BEGIN

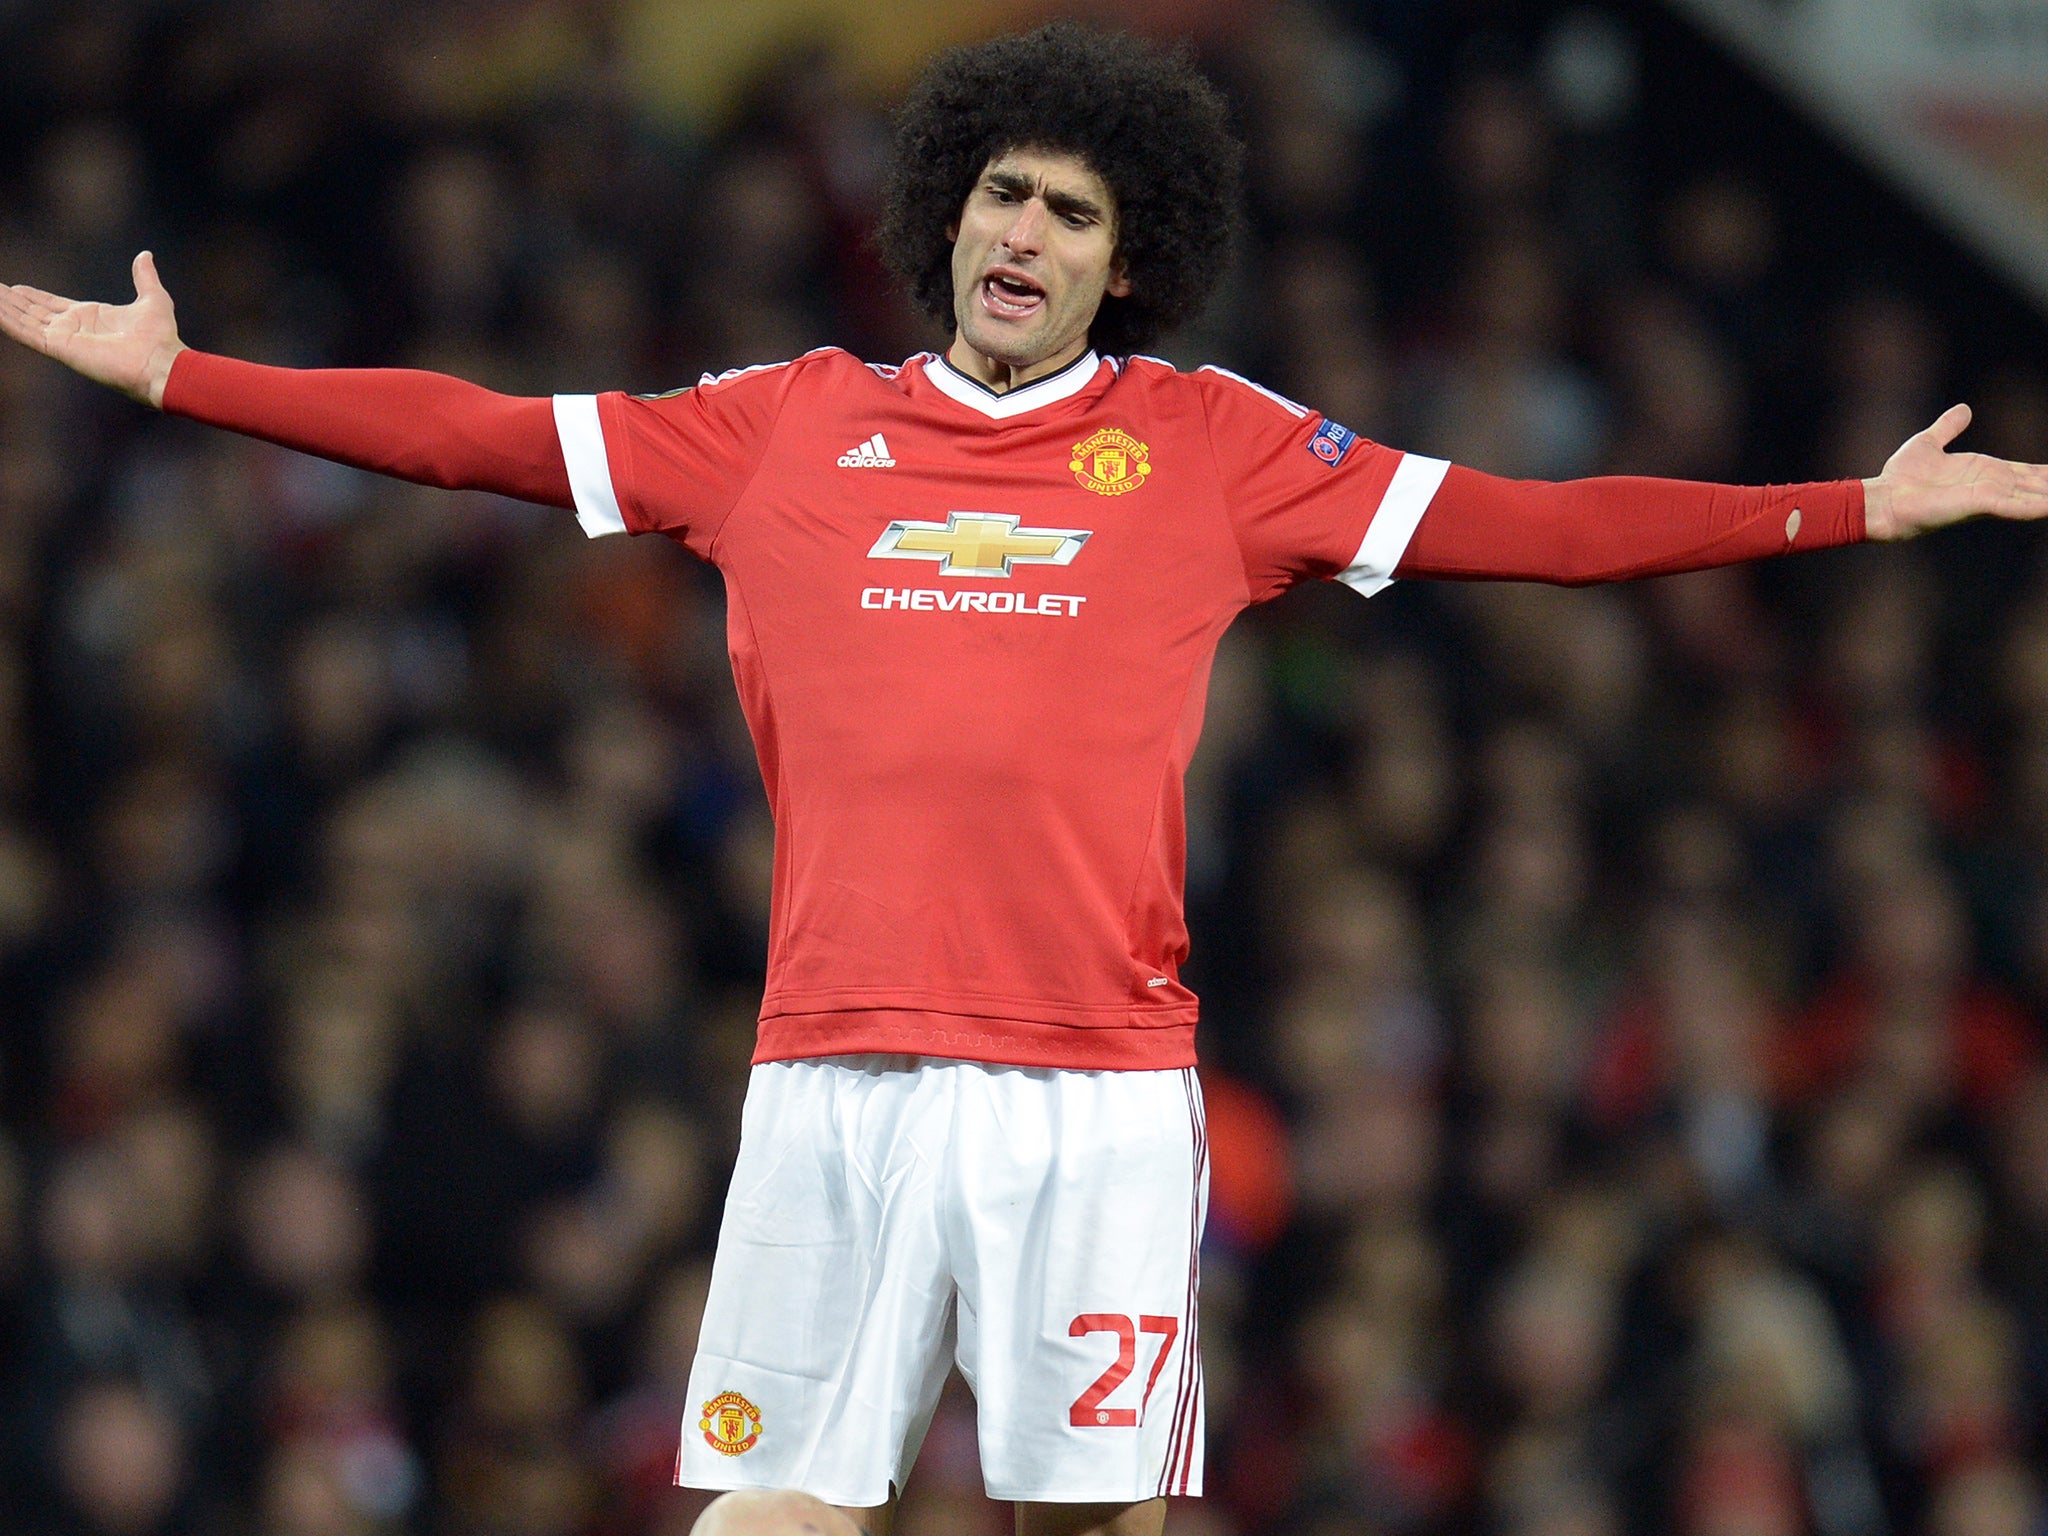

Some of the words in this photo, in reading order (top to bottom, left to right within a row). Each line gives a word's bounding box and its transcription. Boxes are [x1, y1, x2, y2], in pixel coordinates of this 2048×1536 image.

[1078, 434, 1142, 459] MANCHESTER
[837, 454, 896, 468] adidas
[1087, 481, 1133, 492] UNITED
[861, 588, 1087, 617] CHEVROLET
[1069, 1313, 1178, 1428] 27
[706, 1395, 757, 1419] MANCHESTER
[713, 1440, 749, 1452] UNITED
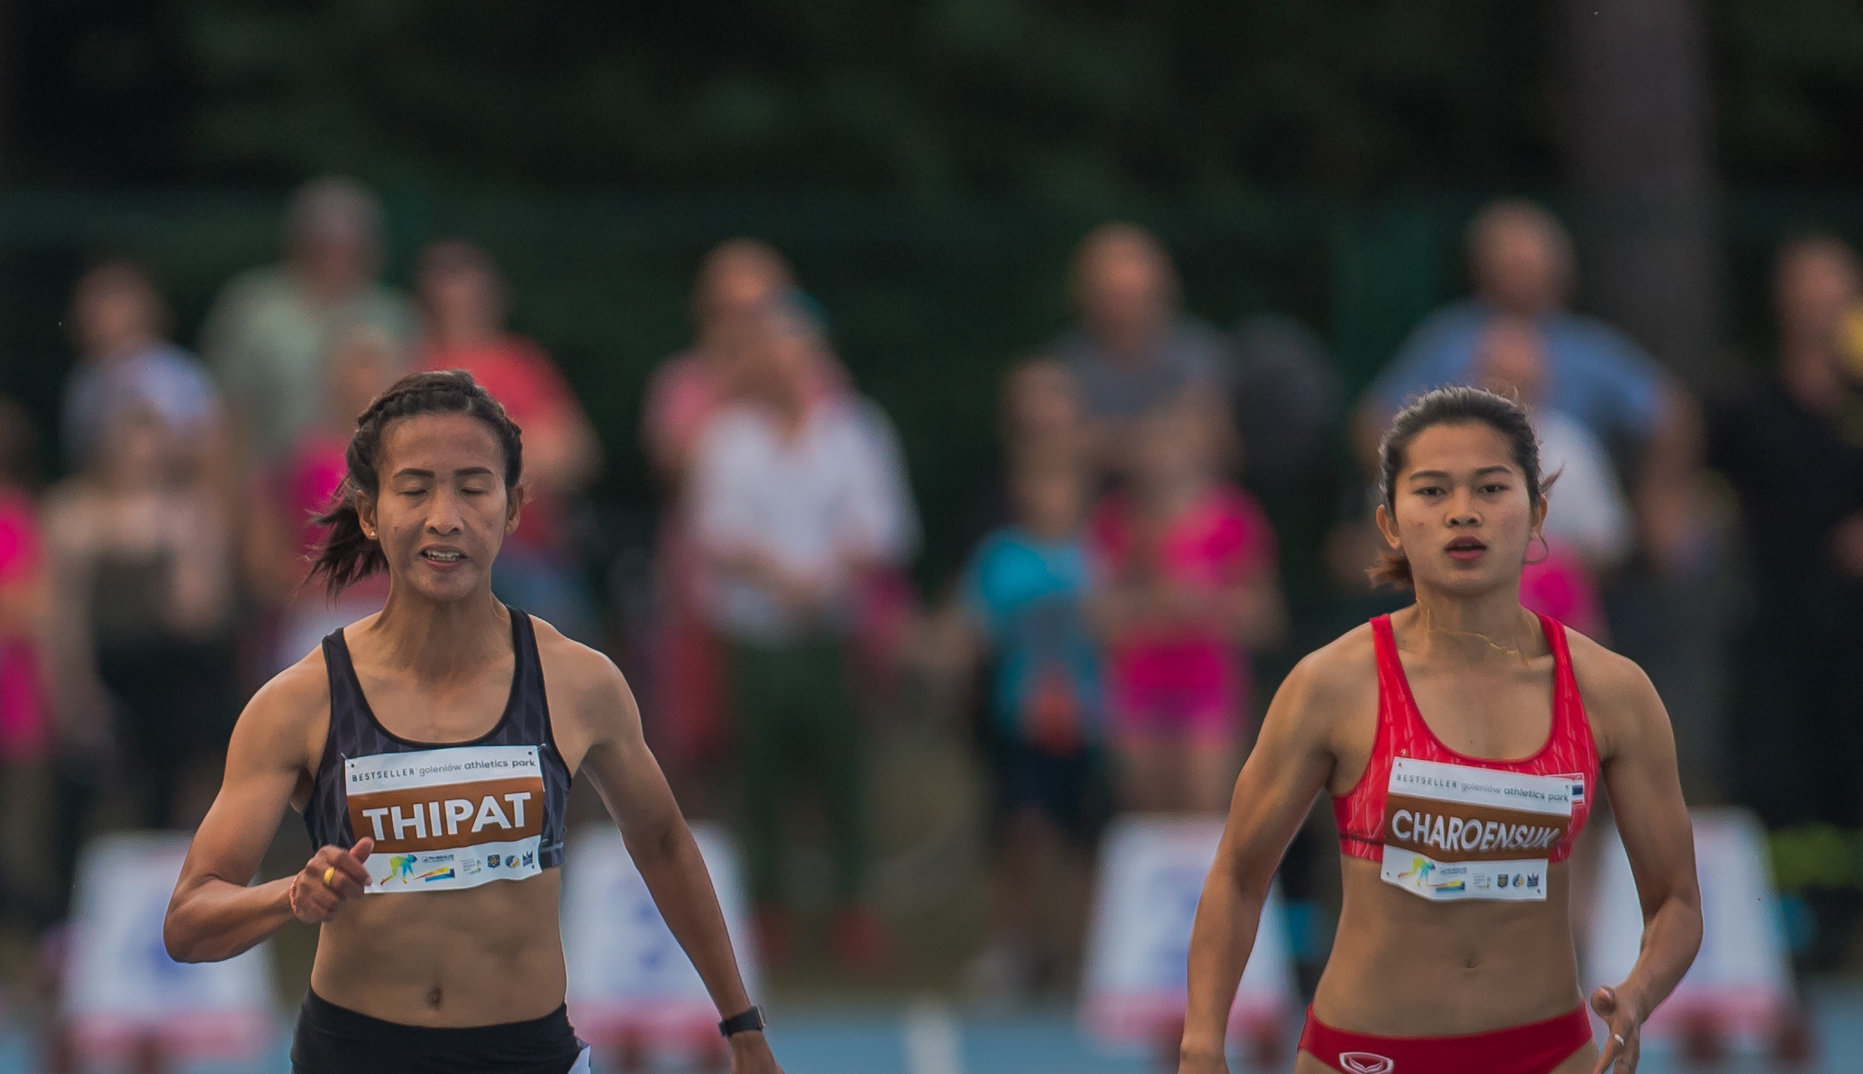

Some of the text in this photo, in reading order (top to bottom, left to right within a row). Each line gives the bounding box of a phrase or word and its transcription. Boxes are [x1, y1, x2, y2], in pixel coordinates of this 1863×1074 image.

[352, 758, 536, 782] BESTSELLER goleniów athletics park
[1396, 773, 1457, 788] BESTSELLER
[1503, 787, 1545, 800] athletics
[1547, 793, 1569, 802] park
[362, 792, 531, 841] THIPAT
[1391, 809, 1560, 851] CHAROENSUK
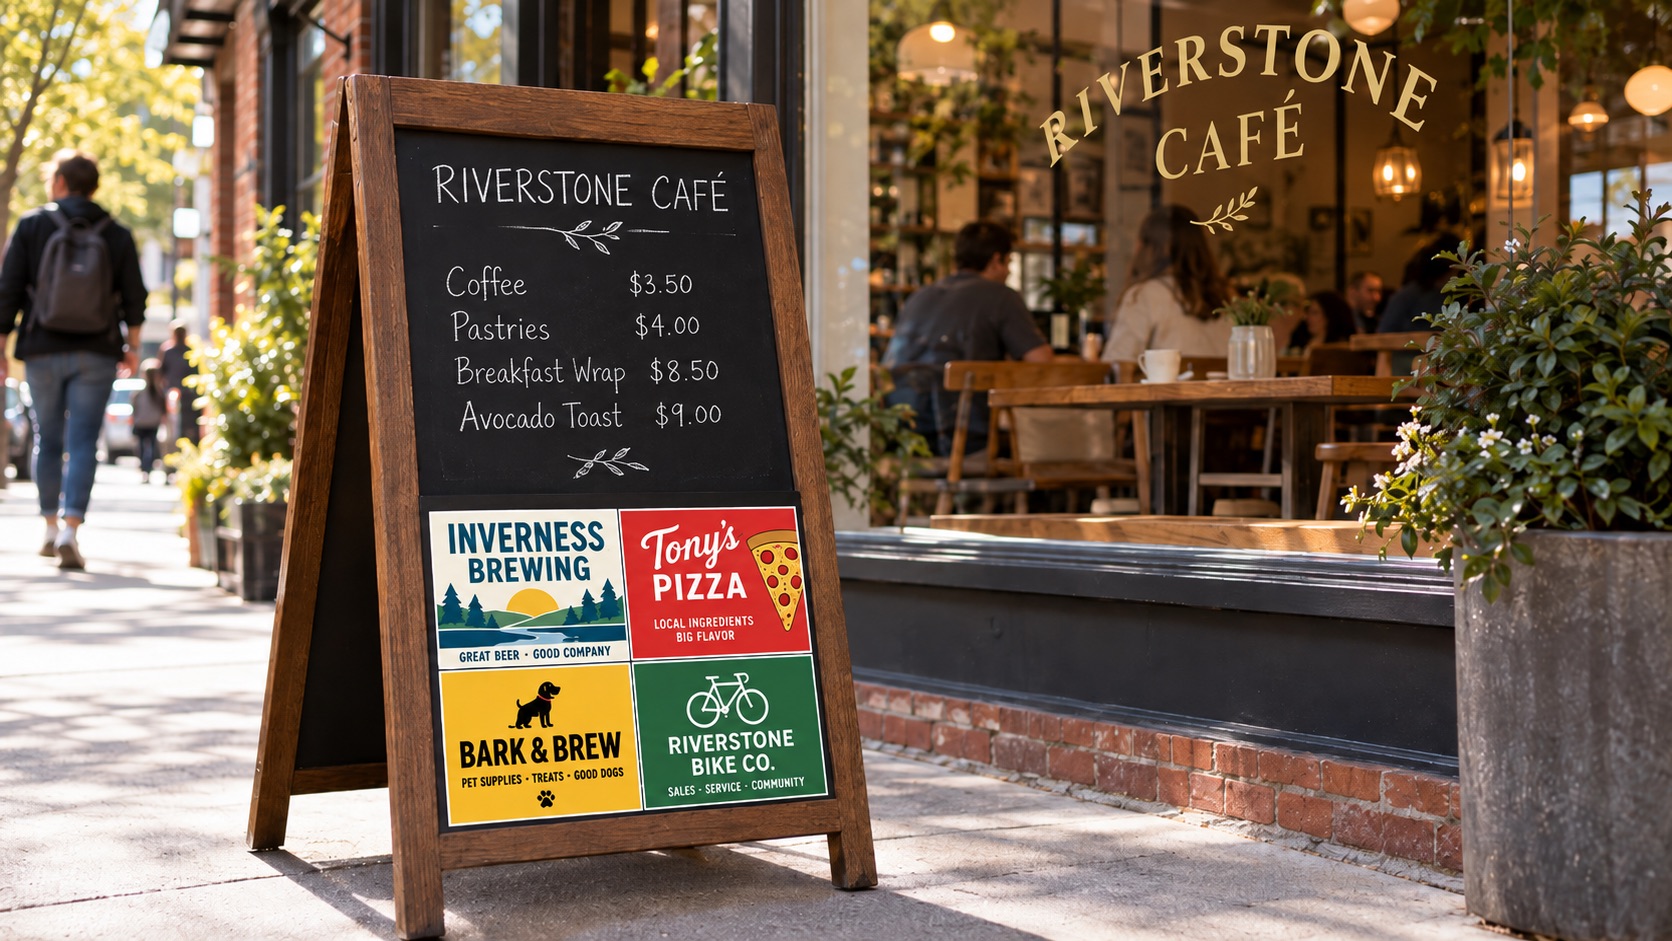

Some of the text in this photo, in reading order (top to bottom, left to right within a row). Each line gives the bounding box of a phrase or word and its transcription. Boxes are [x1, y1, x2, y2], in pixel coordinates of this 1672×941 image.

[1040, 24, 1438, 168] RIVERSTONE
[1155, 89, 1305, 180] CAFÉ
[432, 164, 728, 212] RIVERSTONE CAFÉ
[446, 266, 692, 301] Coffee $3.50
[451, 311, 699, 341] Pastries $4.00
[455, 357, 719, 394] Breakfast Wrap $8.50
[460, 400, 722, 431] Avocado Toast $9.00
[448, 521, 605, 554] INVERNESS
[640, 520, 740, 570] Tony's
[468, 556, 591, 584] BREWING
[653, 572, 747, 601] PIZZA
[654, 616, 754, 630] LOCAL INGREDIENTS
[676, 630, 735, 642] BIG FLAVOR
[459, 645, 611, 663] GREAT BEER GOOD COMPANY
[459, 731, 621, 769] BARK & BREW
[668, 729, 794, 754] RIVERSTONE
[461, 767, 624, 788] PET SUPPLIES TREATS GOOD DOGS
[691, 754, 775, 776] BIKE CO.
[668, 777, 805, 797] SALES SERVICE COMMUNITY

END

● **What is expected**:
Word-for-word copy, no pictures: write out the entries above in full.

● **Answer to this task**:
Some of the words in this photo, in reading order (top to bottom, left to right within a row). Each line gives a word's bounding box and its transcription. Boxes are [x1, y1, x2, y2], in pixel coordinates of this 2048×1536 image.

[1078, 434, 1142, 459] MANCHESTER
[837, 454, 896, 468] adidas
[1087, 481, 1133, 492] UNITED
[861, 588, 1087, 617] CHEVROLET
[1069, 1313, 1178, 1428] 27
[706, 1395, 757, 1419] MANCHESTER
[713, 1440, 749, 1452] UNITED

Some of the text in this photo, in reading order (top to bottom, left to right within a row). Each line gives the bounding box of a phrase or word and its transcription. Boxes are [x1, y1, x2, y2], in pixel coordinates of this 1863×1074 image.

[352, 758, 536, 782] BESTSELLER goleniów athletics park
[1396, 773, 1457, 788] BESTSELLER
[1503, 787, 1545, 800] athletics
[1547, 793, 1569, 802] park
[362, 792, 531, 841] THIPAT
[1391, 809, 1560, 851] CHAROENSUK

Some of the text in this photo, in reading order (top to bottom, left to right within a row). Each line gives the bounding box of a phrase or word and its transcription. Boxes are [x1, y1, x2, y2], in pixel coordinates of this 1672×941 image.

[1040, 24, 1438, 168] RIVERSTONE
[1155, 89, 1305, 180] CAFÉ
[432, 164, 728, 212] RIVERSTONE CAFÉ
[446, 266, 692, 301] Coffee $3.50
[451, 311, 699, 341] Pastries $4.00
[455, 357, 719, 394] Breakfast Wrap $8.50
[460, 400, 722, 431] Avocado Toast $9.00
[448, 521, 605, 554] INVERNESS
[640, 520, 740, 570] Tony's
[468, 556, 591, 584] BREWING
[653, 572, 747, 601] PIZZA
[654, 616, 754, 630] LOCAL INGREDIENTS
[676, 630, 735, 642] BIG FLAVOR
[459, 645, 611, 663] GREAT BEER GOOD COMPANY
[459, 731, 621, 769] BARK & BREW
[668, 729, 794, 754] RIVERSTONE
[461, 767, 624, 788] PET SUPPLIES TREATS GOOD DOGS
[691, 754, 775, 776] BIKE CO.
[668, 777, 805, 797] SALES SERVICE COMMUNITY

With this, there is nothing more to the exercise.